Arrow-right Camera
The Spokesman-Review Newspaper
Spokane, Washington  Est. May 19, 1883

Nonverbal expert explains Bush”s jolly demeanor

Jamie Tobias Neely The Spokesman-Review

The hand-holding I can live with. It was the sheer ebullience on the president’s face that freaked me out.

Much has been made of the images from George Bush’s meeting with Saudi Crown Prince Abdullah at his ranch near Crawford, Texas, last week. Most of the attention centered on their hand-in-hand stroll through the Texas bluebonnets. Comedians viewed it through the lens of American cultural homophobia. Jay Leno’s punchline: “What happens in Crawford, stays in Crawford.”

But that part didn’t particularly trouble me.

Instead it was the big Texas grin on the president’s face that I found riveting. He was walking with the royal leader of the country that produced 15 of the 19 Sept. 11 hijackers, a country that prefers an absolute monarchy to democracy and a country known for its human rights violations. Last month, Saudi Arabia’s senior cleric finally announced a ban on forced marriage, but women there remain unable to drive or vote.

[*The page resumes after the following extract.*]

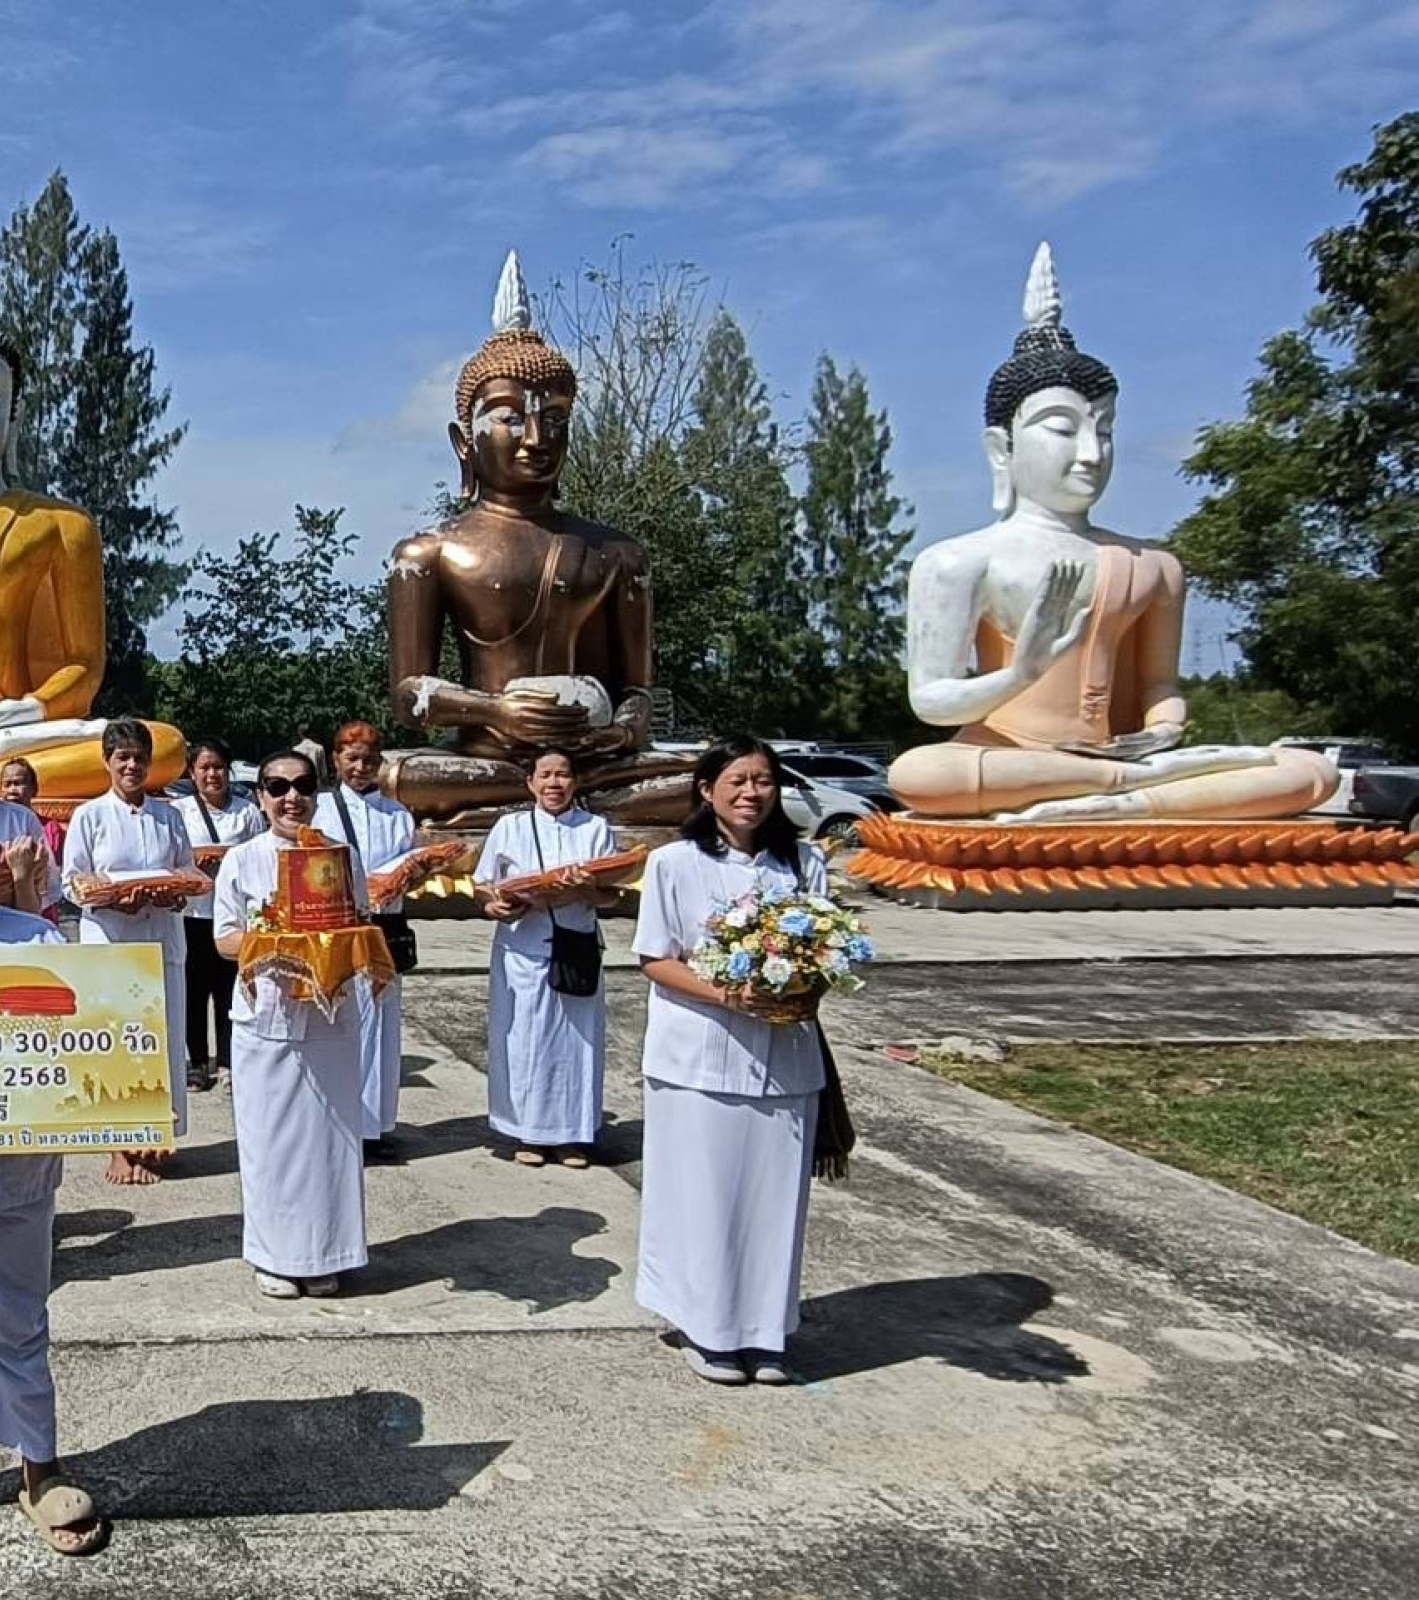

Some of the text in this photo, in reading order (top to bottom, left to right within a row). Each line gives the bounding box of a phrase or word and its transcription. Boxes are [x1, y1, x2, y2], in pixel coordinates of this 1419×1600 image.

[15, 1031, 112, 1057] 30,000
[123, 1024, 158, 1053] วัด
[4, 1066, 67, 1087] 2568
[20, 1129, 32, 1146] ปี

And this is the world leader that our president saves his jolliest body language for?

I couldn’t quite leave it alone.

So I called David Givens, Spokane’s own expert on such matters. He’s an anthropologist and the director of the Center for Non-Verbal Studies which he runs from his South Hill home.

Predictably, he focused on different aspects of the ranch scene than I did. He watched it again on CBS at midweek, and noticed the president took the lead, guiding the prince’s elbow and reaching down to grasp his hand. The president extended his hand palm down, which made the gesture friendly but dominant.

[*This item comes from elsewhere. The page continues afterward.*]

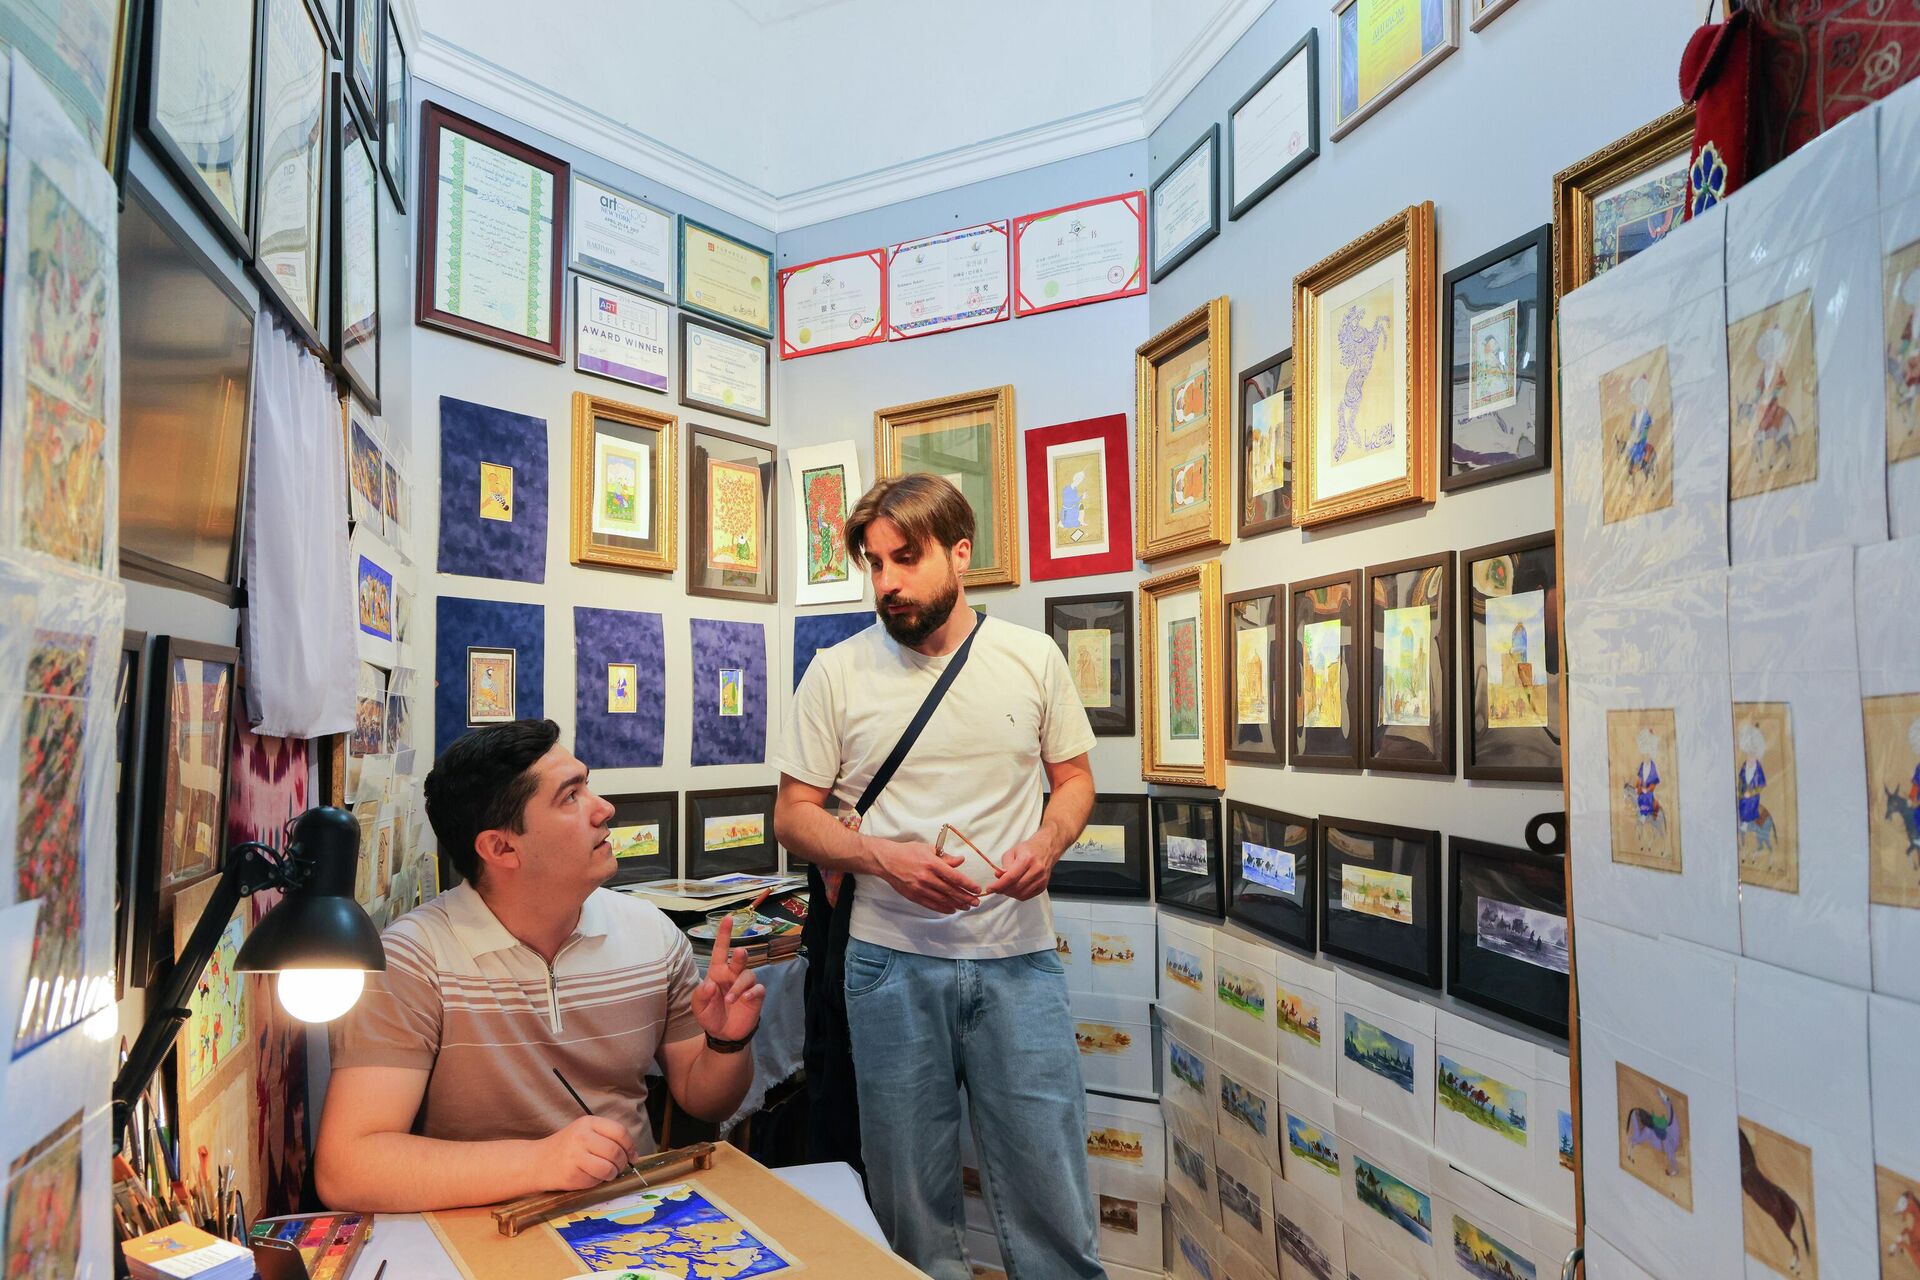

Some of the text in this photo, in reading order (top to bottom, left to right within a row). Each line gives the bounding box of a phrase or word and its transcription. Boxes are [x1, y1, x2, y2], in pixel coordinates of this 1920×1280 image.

[599, 301, 616, 312] ART
[582, 324, 664, 355] AWARD WINNER

Givens watches Bush frequently. He observes that the president often gestures with his hands out flat and his palms down. It’s the hand motion Bush uses when he’s trying to ram an idea like Social Security reform or the war against Iraq down Americans’ throats.

Givens likens it to using a judge’s gavel, or to Khrushchev pounding his shoe on a table.

He observed Bush leading with his shoulders back, strutting a bit, in a parental role Americans frequently assume with people from sharply different cultures. We tend to treat them like children.

“It’s the arrogance of the American culture that our way is right,” Givens says. “Anthropologists have known this a long time.”

As for the hand-holding, that’s a culturally appropriate gesture of friendship in the Arab world. Givens sees it as a positive sign that the president feels comfortable honoring another country’s customs. “I think that’s how we have to communicate with other cultures,” he says.

Chimps walk hand-in-hand, too, when they’re feeling friendly. “It’s a primate thing,” he says.

But what about the overall exuberance in the president’s demeanor? Why did he appear as if he were Clara greeting Uncle Drosselmeyer, who has arrived bearing sweetmeats and a magical nutcracker on Christmas Eve?

Well, first of all, the president wants the prince’s oil, Givens reminds me. And sure enough, just after the prince’s visit, the price of crude dropped. That’s probably enough to make an American president grin.

And besides, the prince and the president both come from oil families. There’s a certain coziness among the world’s oil buddies. Maybe it’s partly a Texas thing. It certainly fueled Michael Moore’s conspiracy theories in the film “Fahrenheit 911.” Moore pieced together an entire segment focusing on the body language between the Bushes and the Arab oil leaders to the tune of REM’s “Shiny Happy People.”

Moore’s work simultaneously fascinated and repelled me. It certainly wasn’t journalism, and I didn’t trust all his conclusions.

But I do wish the president would save the cuddly body language for leaders of countries that traditionally have been our friends. Hand-holding and face-kissing with say, the Canadians, makes some sense. Aside from recent body language that I’d translate as “politely appalled,” they’ve certainly done their best to get along.

I had one last question for the nonverbal expert. What about the scene inside the ranch house when we see Abdullah and Bush sitting together? Bush reclines far back in his chair, with his legs wide apart and an adoring grin on his face. He reminds me of a hound dog rolling over on the floor for his belly to be scratched.

That’s no Texas hound, Givens says. That’s the John Wayne “broadside” stance of relaxed dominance.

Well, all right, then. The leader of the free world, translated.